━━━━━ Extracted records ━━━━━
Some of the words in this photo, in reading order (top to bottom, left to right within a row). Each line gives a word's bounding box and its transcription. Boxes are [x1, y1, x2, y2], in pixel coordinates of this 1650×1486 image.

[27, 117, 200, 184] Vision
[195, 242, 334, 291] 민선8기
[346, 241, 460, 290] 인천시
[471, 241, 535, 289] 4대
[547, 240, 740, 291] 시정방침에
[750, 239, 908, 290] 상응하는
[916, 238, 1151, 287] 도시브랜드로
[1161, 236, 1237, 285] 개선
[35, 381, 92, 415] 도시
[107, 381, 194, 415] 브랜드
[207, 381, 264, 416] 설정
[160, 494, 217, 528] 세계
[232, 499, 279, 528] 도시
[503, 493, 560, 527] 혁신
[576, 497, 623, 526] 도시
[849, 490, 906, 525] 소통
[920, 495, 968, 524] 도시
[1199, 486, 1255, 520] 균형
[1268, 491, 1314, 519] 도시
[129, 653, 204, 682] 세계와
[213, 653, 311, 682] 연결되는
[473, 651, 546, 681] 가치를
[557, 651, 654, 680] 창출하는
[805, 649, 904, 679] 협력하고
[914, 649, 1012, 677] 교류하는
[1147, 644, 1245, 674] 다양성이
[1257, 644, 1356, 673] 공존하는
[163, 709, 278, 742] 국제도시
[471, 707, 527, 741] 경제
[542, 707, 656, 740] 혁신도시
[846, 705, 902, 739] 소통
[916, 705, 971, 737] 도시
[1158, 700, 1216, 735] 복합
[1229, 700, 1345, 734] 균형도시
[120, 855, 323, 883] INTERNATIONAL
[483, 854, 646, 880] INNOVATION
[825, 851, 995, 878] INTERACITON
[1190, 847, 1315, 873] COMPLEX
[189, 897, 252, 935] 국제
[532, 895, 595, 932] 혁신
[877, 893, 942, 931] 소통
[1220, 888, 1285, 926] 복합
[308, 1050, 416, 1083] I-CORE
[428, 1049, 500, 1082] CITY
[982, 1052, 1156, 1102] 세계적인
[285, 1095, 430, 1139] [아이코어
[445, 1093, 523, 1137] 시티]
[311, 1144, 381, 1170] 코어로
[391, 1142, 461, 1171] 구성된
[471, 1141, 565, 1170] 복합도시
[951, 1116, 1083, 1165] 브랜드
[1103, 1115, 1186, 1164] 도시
━━━━━
_What is expected:_
Your answer must be an exact transcription of all the data above.

_Result of the exercise:_
Some of the words in this photo, in reading order (top to bottom, left to right within a row). Each line gives a word's bounding box and its transcription. Boxes are [x1, y1, x2, y2], in pixel coordinates of this 1650×1486 image.

[27, 117, 200, 184] Vision
[195, 242, 334, 291] 민선8기
[346, 241, 460, 290] 인천시
[471, 241, 535, 289] 4대
[547, 240, 740, 291] 시정방침에
[750, 239, 908, 290] 상응하는
[916, 238, 1151, 287] 도시브랜드로
[1161, 236, 1237, 285] 개선
[35, 381, 92, 415] 도시
[107, 381, 194, 415] 브랜드
[207, 381, 264, 416] 설정
[160, 494, 217, 528] 세계
[232, 499, 279, 528] 도시
[503, 493, 560, 527] 혁신
[576, 497, 623, 526] 도시
[849, 490, 906, 525] 소통
[920, 495, 968, 524] 도시
[1199, 486, 1255, 520] 균형
[1268, 491, 1314, 519] 도시
[129, 653, 204, 682] 세계와
[213, 653, 311, 682] 연결되는
[473, 651, 546, 681] 가치를
[557, 651, 654, 680] 창출하는
[805, 649, 904, 679] 협력하고
[914, 649, 1012, 677] 교류하는
[1147, 644, 1245, 674] 다양성이
[1257, 644, 1356, 673] 공존하는
[163, 709, 278, 742] 국제도시
[471, 707, 527, 741] 경제
[542, 707, 656, 740] 혁신도시
[846, 705, 902, 739] 소통
[916, 705, 971, 737] 도시
[1158, 700, 1216, 735] 복합
[1229, 700, 1345, 734] 균형도시
[120, 855, 323, 883] INTERNATIONAL
[483, 854, 646, 880] INNOVATION
[825, 851, 995, 878] INTERACITON
[1190, 847, 1315, 873] COMPLEX
[189, 897, 252, 935] 국제
[532, 895, 595, 932] 혁신
[877, 893, 942, 931] 소통
[1220, 888, 1285, 926] 복합
[308, 1050, 416, 1083] I-CORE
[428, 1049, 500, 1082] CITY
[982, 1052, 1156, 1102] 세계적인
[285, 1095, 430, 1139] [아이코어
[445, 1093, 523, 1137] 시티]
[311, 1144, 381, 1170] 코어로
[391, 1142, 461, 1171] 구성된
[471, 1141, 565, 1170] 복합도시
[951, 1116, 1083, 1165] 브랜드
[1103, 1115, 1186, 1164] 도시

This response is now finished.